Environmental activists, science educators and the Athens Ohio City Council are teaming up against a controversial new proposal by the Ohio Department of Natural Resources Division of Wildlife (ODNRDOW) to open a bobcat trapping season in the southeastern part of the state, The New Political reported Wednesday.
The Athens City Council passed a resolution opposing the measure Monday night, citing concerns that bobcats were taken off the state's threatened and endangered species list less than four years ago and that not enough research has been done to determine if the newly-growing populations can sustain a trapping season, according to a copy of the resolution obtained by EcoWatch. The city council also looked to prevent similar proposals in the future, urging "the State of Ohio to declare the bobcat a protected species and ban all hunting and trapping of this wonderful animal for all Ohioans now and in the future."
The resolution notes that bobcats do not overpopulate.
"I like the idea that there's wild animals in the woods," Athens City Councilman Jeff Risner told The Post. "They're worth more to me alive than they are dead."
The resolution further notes that the trapping proposal contradicts the ODNRDOW's own research plans.
In an October 2017 report, the department wrote, "Little is known about the density and distribution of bobcats in Ohio, as well as the population trajectory, and which areas act as source populations. Such information is critical before decisions are taken on opening a trapping season and the maximum yearly take."
The ODNR entered into a contract with the Ohio University in August 2017 to conduct such a study, which will take four years to complete.
"So why the rush and sudden turn-around??," Heather Cantino, an environmental educator and vice chair of the Buckeye Forest Council board who drafted the council resolution, asked in The Athens' News Readers Forum. "Politics and pressure from the Ohio Trappers Association seem to be trumping the DOW's own recent science-based plan to protect Ohio's top native predator species," she wrote.
Chapter 1501:31-16 of the Ohio Revised Code values a bobcat at $500.
Bobcats are making a comeback in Ohio—there were 499 verified sightings in 2017, The Columbia Dispatch reported. "We're confident the population is secure," ODNR wildlife management and research executive administrator Mike Reynolds told The Dispatch.
The proposed trapping season would last from November 2018 to January 2019 and end once a maximum of 40 bobcats are trapped in the east and 20 in the south, where Athens is located, The Dispatch reported.
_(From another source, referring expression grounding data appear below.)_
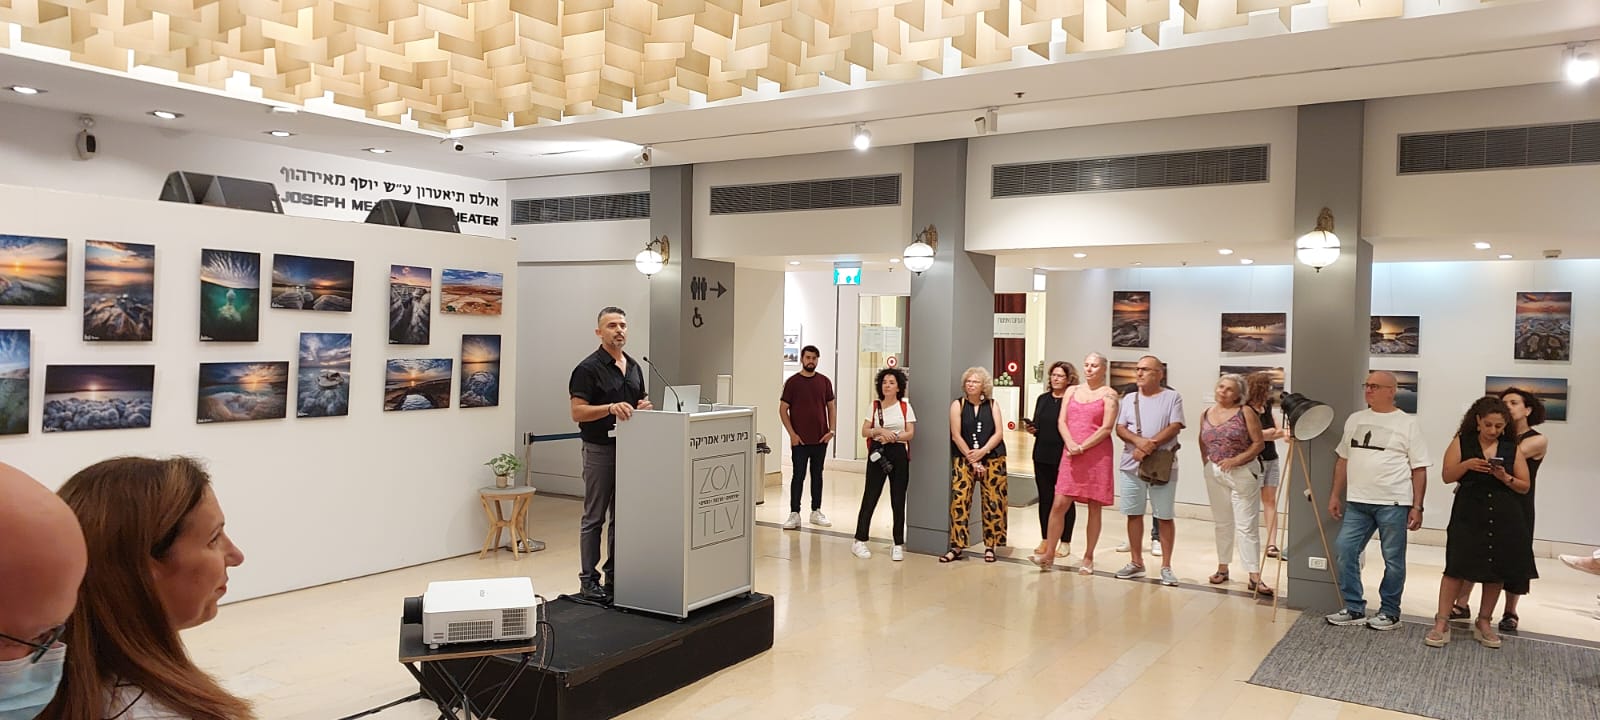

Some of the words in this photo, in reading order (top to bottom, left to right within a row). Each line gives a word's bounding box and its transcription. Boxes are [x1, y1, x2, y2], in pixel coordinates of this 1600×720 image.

[280, 166, 346, 186] מאירהוף
[350, 177, 379, 191] יוסף
[281, 191, 346, 209] JOSEPH
[416, 186, 465, 203] תיאטרון
[469, 192, 499, 207] אולם
[690, 434, 719, 450] אמריקה
[720, 433, 735, 443] ציוני
[736, 431, 749, 440] בית
[699, 464, 740, 494] ZOA
[698, 506, 740, 537] TLV
But Cantino pointed out that each verified sighting does not necessarily correspond to a different animal and that the increase in sightings might be due to the increase in trail cameras installed in the past years, which the ODNRDOW itself suggested in its Ohio Bobcat Management Plan. Further, she expressed concerns that the hunting licenses themselves will be unlimited and sell for $5, meaning hunters might go over the proposed quota before the state can enforce it. Finally, not enough research has been done to determine if the quota amounts are really safe for the existing populations.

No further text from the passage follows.